Simons creció en esa idea de juego. En la cantera del Barcelona, sus condiciones y su manera de entender el fútbol provocaron comparaciones inevitables con el mítico centrocampista. Ahora, ese paralelismo se convierte en relación directa: su referente pasa a ser también su seleccionador.

Para el futbolista, la motivación se multiplica. No solo lucha por asentarse como pilar de la selección. Lo hace bajo la mirada del jugador que marcó la forma en que su familia entendió el fútbol y que, en última instancia, definió hasta su nombre.

Xavi, primer extranjero desde Happel y un cuerpo técnico continuista

El desembarco de Xavi Hernández en el banquillo de Países Bajos supone un giro histórico. Se convierte en el primer seleccionador extranjero desde Ernst Happel, a finales de los años 70. El listón es alto y la presión, inmediata.

La KNVB, sin embargo, no quiere una ruptura total. Busca un puente entre eras. Ahí entra en escena Ruud van Nistelrooy. Según los informes, el exdelantero de Manchester United y Real Madrid seguirá formando parte del cuerpo técnico.
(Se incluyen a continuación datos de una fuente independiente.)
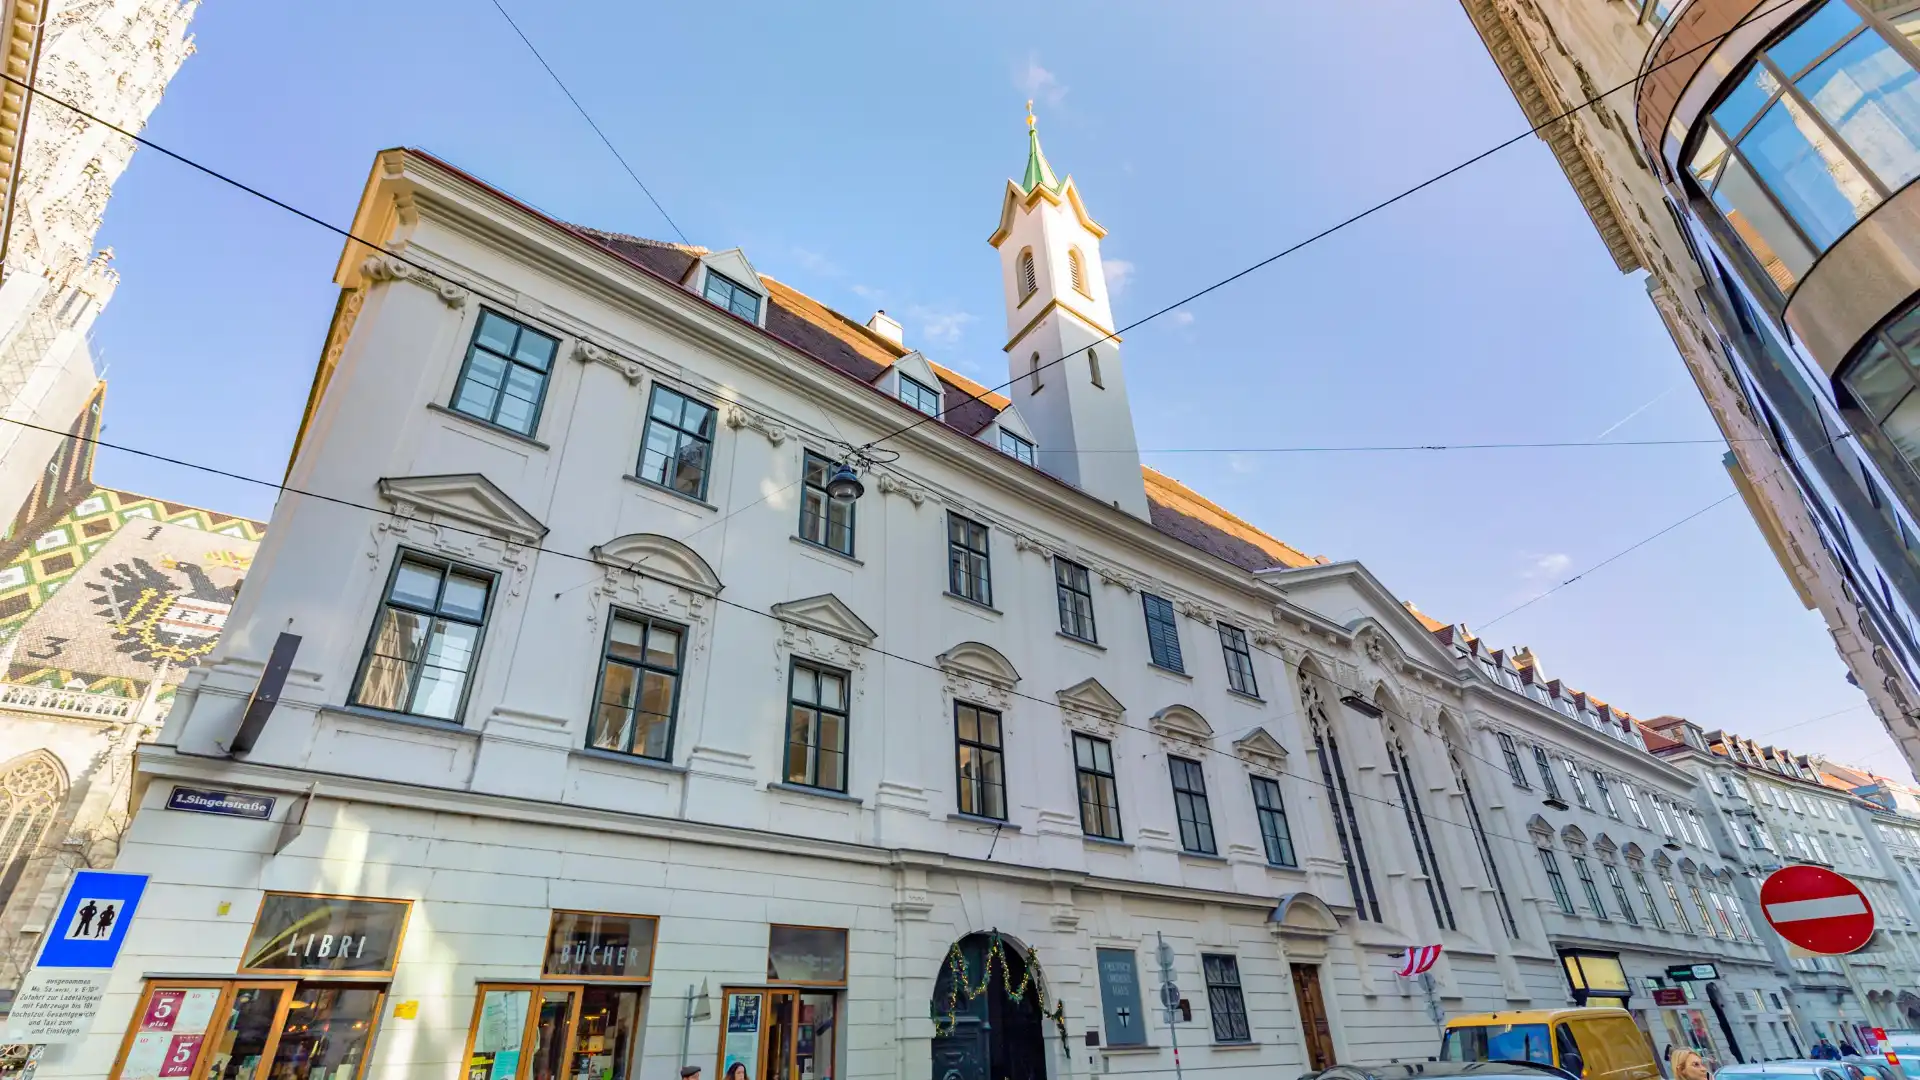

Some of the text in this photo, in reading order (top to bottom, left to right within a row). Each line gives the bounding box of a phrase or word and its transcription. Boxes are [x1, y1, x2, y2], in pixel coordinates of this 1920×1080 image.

[287, 933, 366, 958] LIBRI
[560, 940, 639, 967] BÜCHER
[153, 998, 175, 1018] 5
[172, 1042, 194, 1063] 5
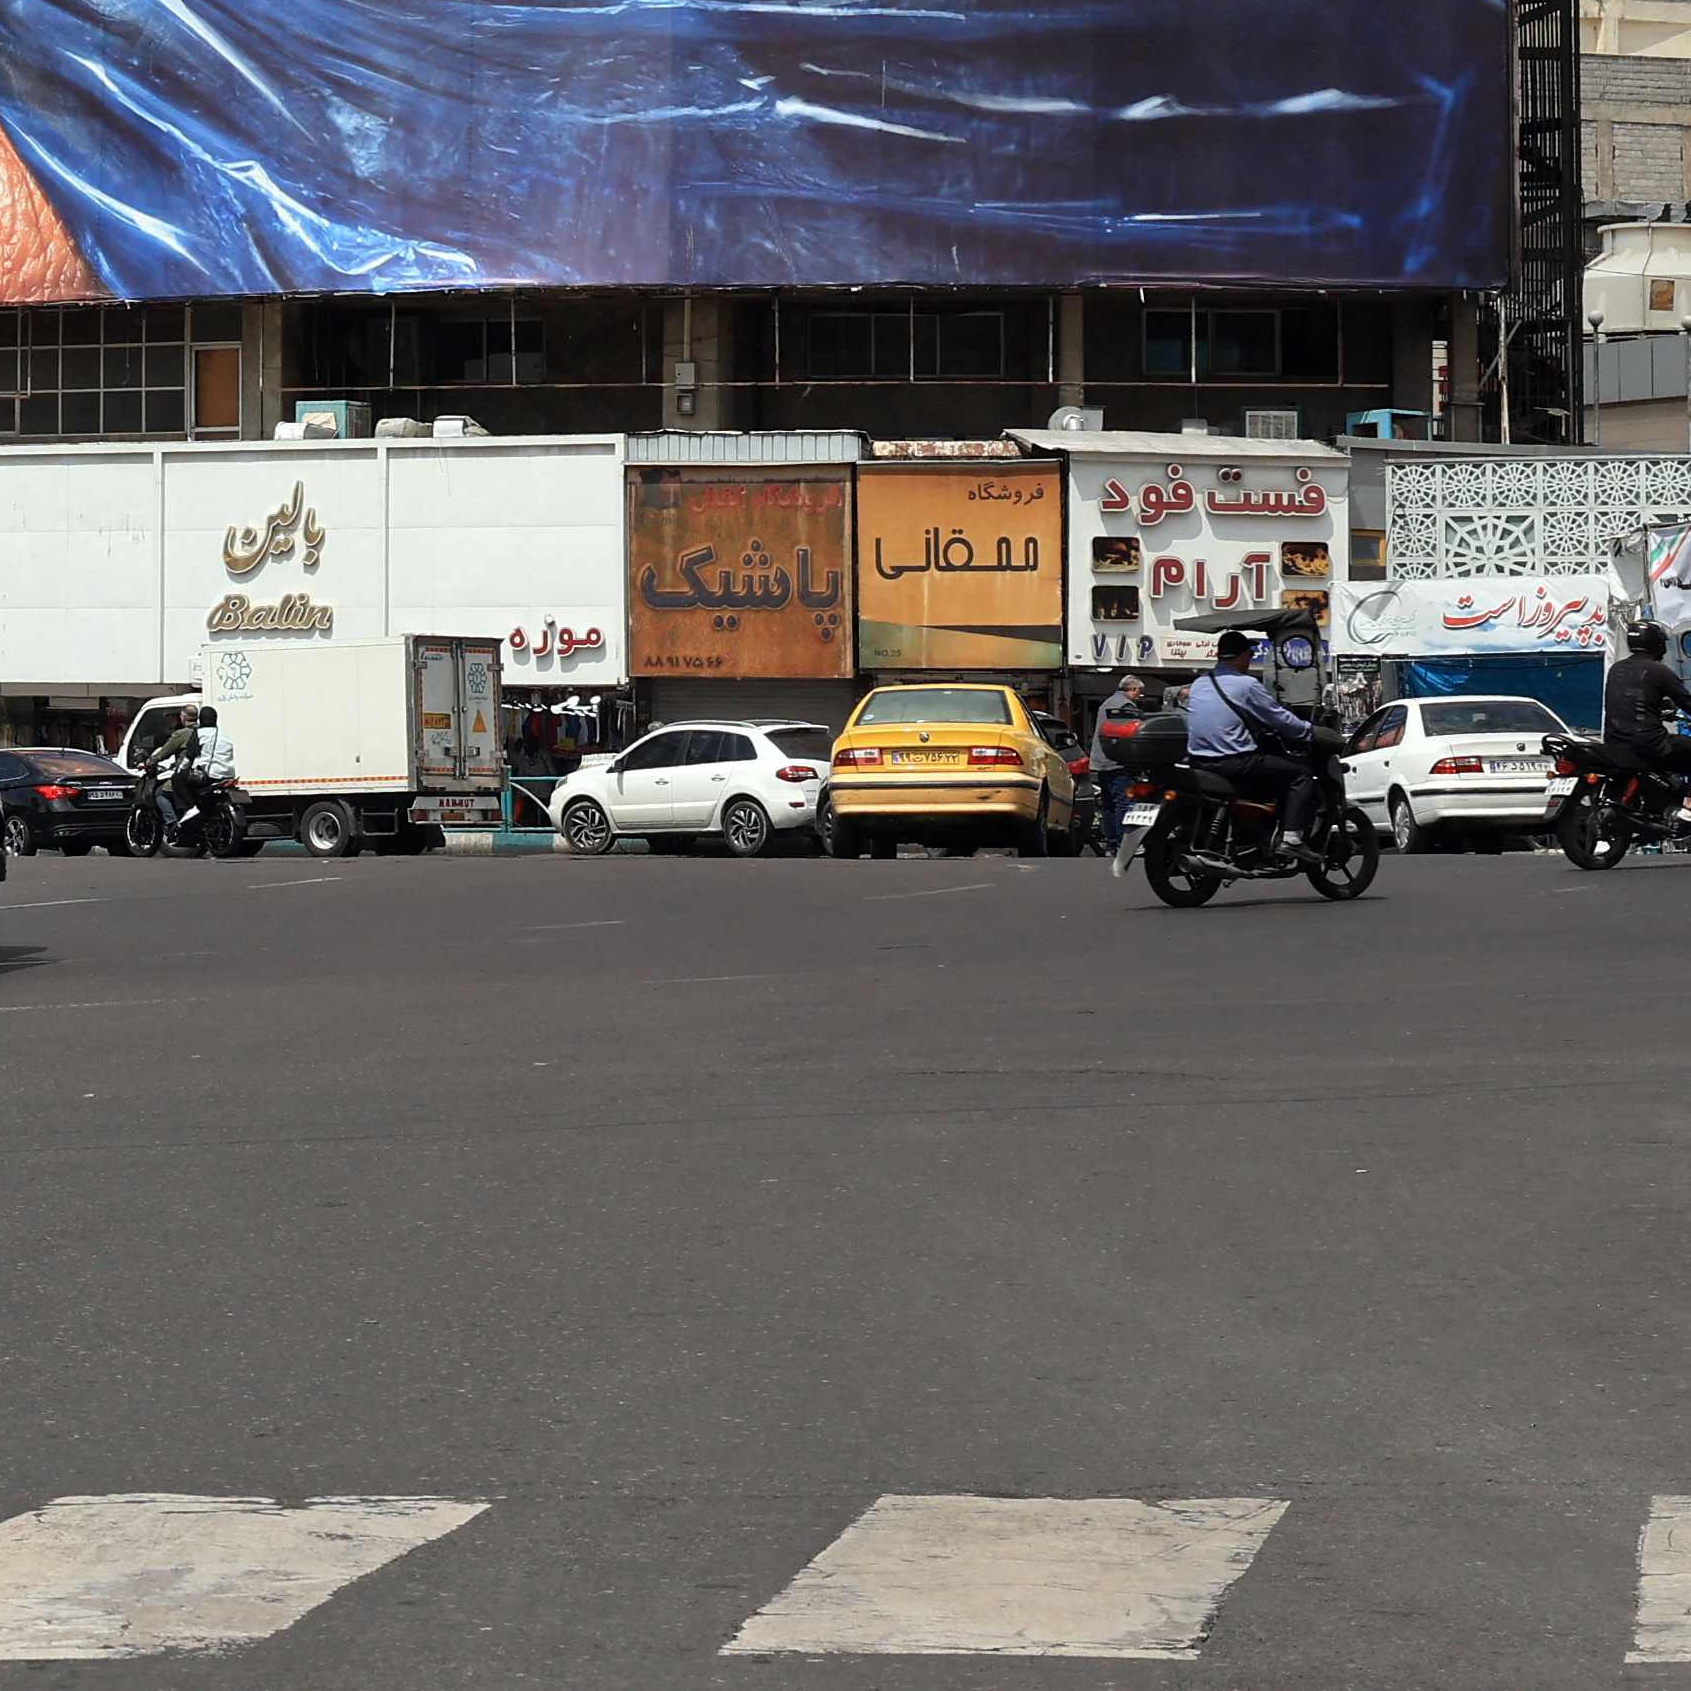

Su trabajo durante el Mundial de 2026 convenció a la federación, que ve en él un enlace ideal entre el ciclo de Ronald Koeman y la nueva etapa con Xavi.

No será el único pilar que se mantiene. El entrenador de porteros Patrick Lodewijks también seguirá en su puesto. Con estas piezas, la federación intenta un equilibrio delicado: conservar la estructura interna y, al mismo tiempo, abrir la puerta a la interpretación de Xavi de ese “Fútbol Total” que marcó la identidad neerlandesa.

El contrato a largo plazo del técnico catalán deja clara la apuesta: rediseñar la identidad del equipo, recuperar una versión dominante, proactiva, basada en la posesión y el control, como en las grandes épocas de la Oranje.

Un estreno de altura y un grupo exigente

El examen llega pronto y con nombre propio. El primer gran reto de la nueva selección de Xavi será en la UEFA Nations League, en septiembre, frente a Alemania en el Johan Cruyff Arena. Un escenario cargado de historia, un rival de máximo nivel y una afición que espera señales inmediatas de cambio.

Después de Alemania, el calendario de la fase de grupos llevará a Países Bajos a medirse con Serbia y Grecia. Tres partidos, tres contextos distintos, un laboratorio perfecto para que Xavi ajuste su sistema antes del arranque del ciclo de clasificación para la próxima Eurocopa.

En medio de todo, la figura de Xavi Simons adquiere un peso especial. Niño de La Masia, heredero de una idea de juego, ahora llamado a ser uno de los estandartes de la Oranje bajo las órdenes del hombre que, un día, desde la televisión, decidió su nombre.

¿Hasta dónde puede llegar esa conexión cuando el balón eche a rodar en Ámsterdam?